Lee et al. (2006) reported long-term follow-up of 10 PTS-deficient Taiwanese patients who had delayed treatment with tetrahydrobiopterin, L-DOPA, and 5-HTP. The patients included 2 pairs of sibs. Five patients had severe psychomotor retardation with central hypotonia, were bedridden, lacked eye contact, and were in a vegetative-like state. Two other patients had psychomotor retardation and central hypotonia, but were not as severely affected as the first 5 patients. They were able to articulate single words and walked with unstable gait. These 8 patients had multiple seizures per day and were classified as severe. The remaining 2 patients had mild mental retardation, milder spasticity, and were in special educational schools. All patients showed marked improvements in neurologic signs and symptoms after initiation of treatment. Patients with recurrent seizures showed a marked decrease in the frequency of seizures, and oculogyric spasm improved gradually after 3 to 5 days. Other neurologic manifestations, including limb spasticity, hypotonia, dysphagia, and hypersalivation gradually improved over a 6- to 12-month period. The 2 patients with milder spasticity had resolution of spasticity after initiation of therapy. Eight of the patients showed increases in IQ scores after many years. One patient began walking and talking after 4 years of treatment. Most patients discontinued 5-HTP treatment due to a drug shortage, without significant adverse effects. Lee et al. (2006) concluded that treatment is beneficial in all cases.

Molecular Genetics

Thony et al. (1994) identified mutations in the PTS gene (e.g., 612719.0001) in patients with BH4-deficient hyperphenylalaninemia.

Oppliger et al. (1997) identified 4 novel mutations in 4 Italian families with PTS deficiency.

Thony and Blau (1997) reviewed the spectrum of mutations in the PTS gene resulting in tetrahydrobiopterin deficiency. They stated that compound heterozygous or homozygous mutations spread over all 6 exons of the gene can cause an autosomal recessive variant of hyperphenylalaninemia, mostly accompanied by a deficiency of dopamine and serotonin.

Population Genetics

Liu et al. (1998) identified 7 single-base mutations in Chinese cases of PTS-deficient hyperphenylalaninemia. In all, 38 PTS mutant alleles from 19 unrelated Chinese families were studied. Two common mutations, N52S (612719.0004) and P87S (612719.0005), accounted for 71% of the mutant alleles. The N52S mutation accounted for 48% of the southern Chinese PTS mutations, but only 1 (9%) of the northern Chinese PTS mutant alleles was found to be N52S. Clinically, the V56M (612719.0006) mutation was found to be associated with the mild form of PTS deficiency, whereas R25G (612719.0001), N52S, P87S, and D96N (612719.0009) were found mainly in patients with severe clinical symptoms.

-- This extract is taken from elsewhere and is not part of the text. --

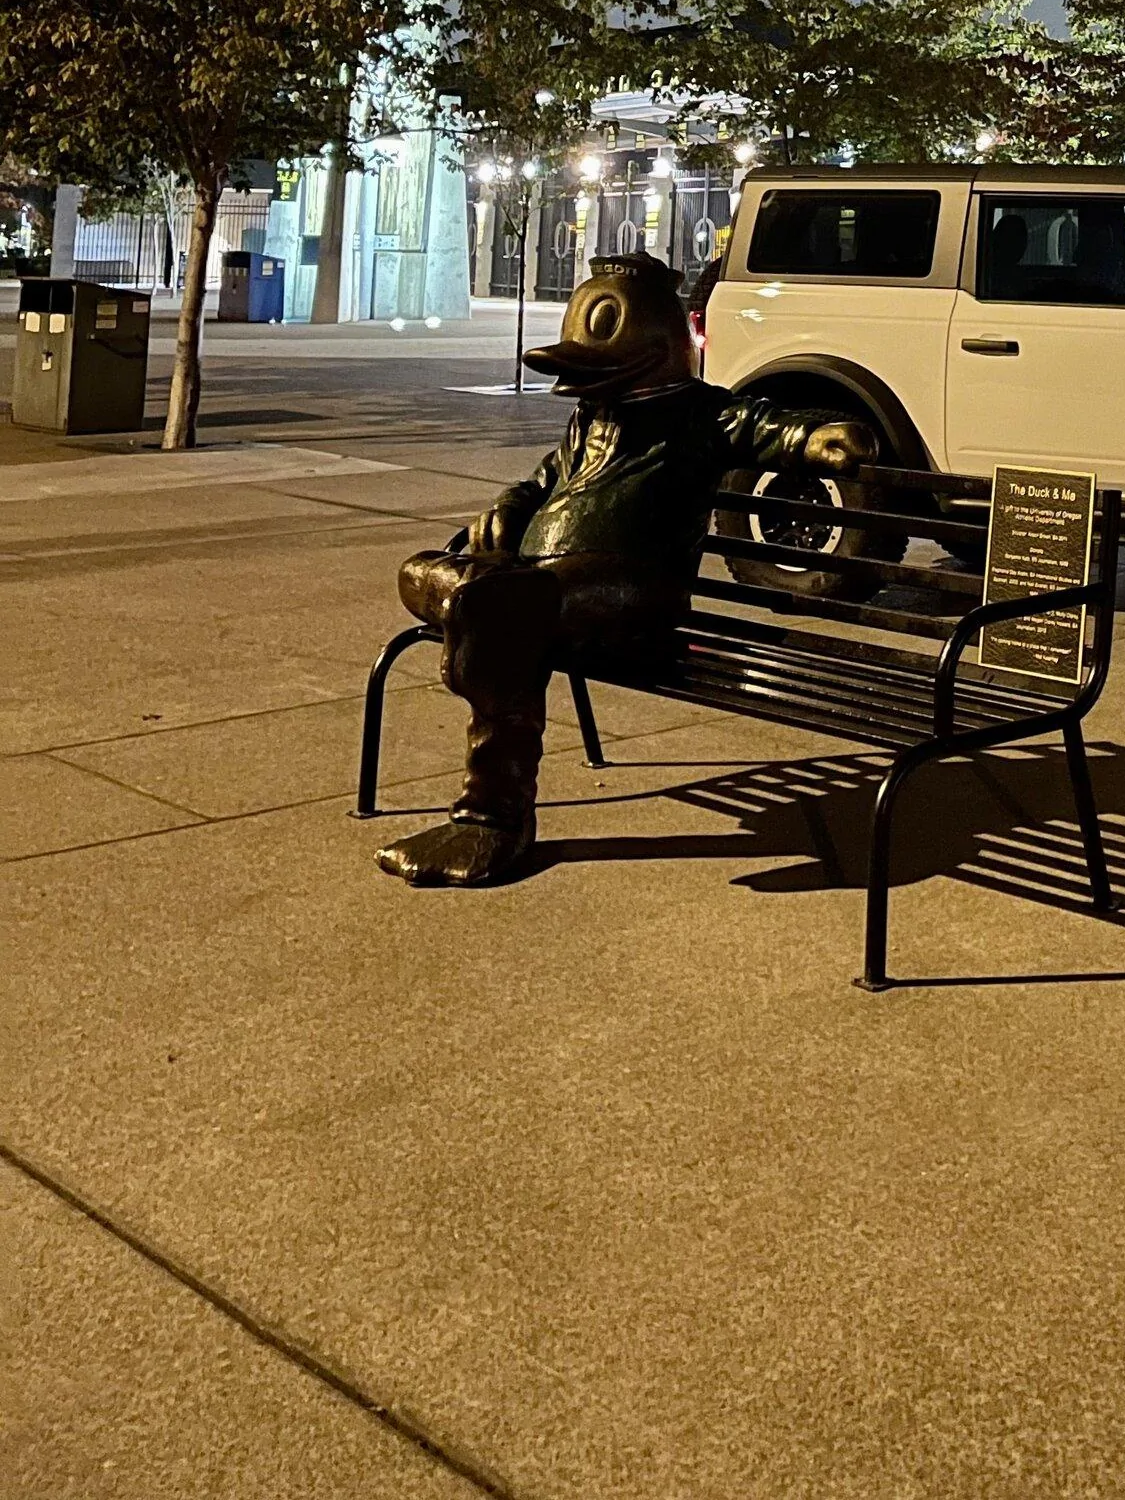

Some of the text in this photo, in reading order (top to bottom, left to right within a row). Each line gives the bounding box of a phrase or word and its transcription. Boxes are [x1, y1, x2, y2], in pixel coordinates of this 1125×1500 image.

Chien et al. (2001) reported 10 cases of BH4 deficiency among 1,337,490 newborns screened in a Chinese population in Taiwan. They postulated that the high incidence in the Taiwanese population may be explained by a founder effect, since all of the patients were found to have PTS gene mutations, and grouping the common N52S and P87S mutations together constituted 88.9% of the disease alleles.

Nomenclature

Danks et al. (1978, 1979) referred to the BH4-dependent HPA disorders as 'malignant hyperphenylalaninemia' since all untreated patients showed severe cerebral deterioration and often died at an early age compared to patients with classic PKU. However, these disorders are no longer fatal with proper treatment; thus, the term 'malignant' should not be used (Dudesek et al., 2001).

Animal Model

Sumi-Ichinose et al. (2001) established mice unable to synthesize BH4 by disrupting the Pts gene. Homozygous mice were born almost at the expected mendelian ratio, but died within 48 hours of birth. In the brains of homozygous mutant neonates, levels of biopterin, catecholamines, and serotonin were extremely low. Tyrosine hydroxylase (TH; 191290) activity was severely impaired by BH4 depletion, and TH immunoreactivity was reduced in the nerve terminals, but not in the cell bodies. The catecholaminergic, serotonergic, and nitric oxide (see NOS1, 163731) systems were differentially affected by BH4 starvation and were variably rescued by BH4 administration.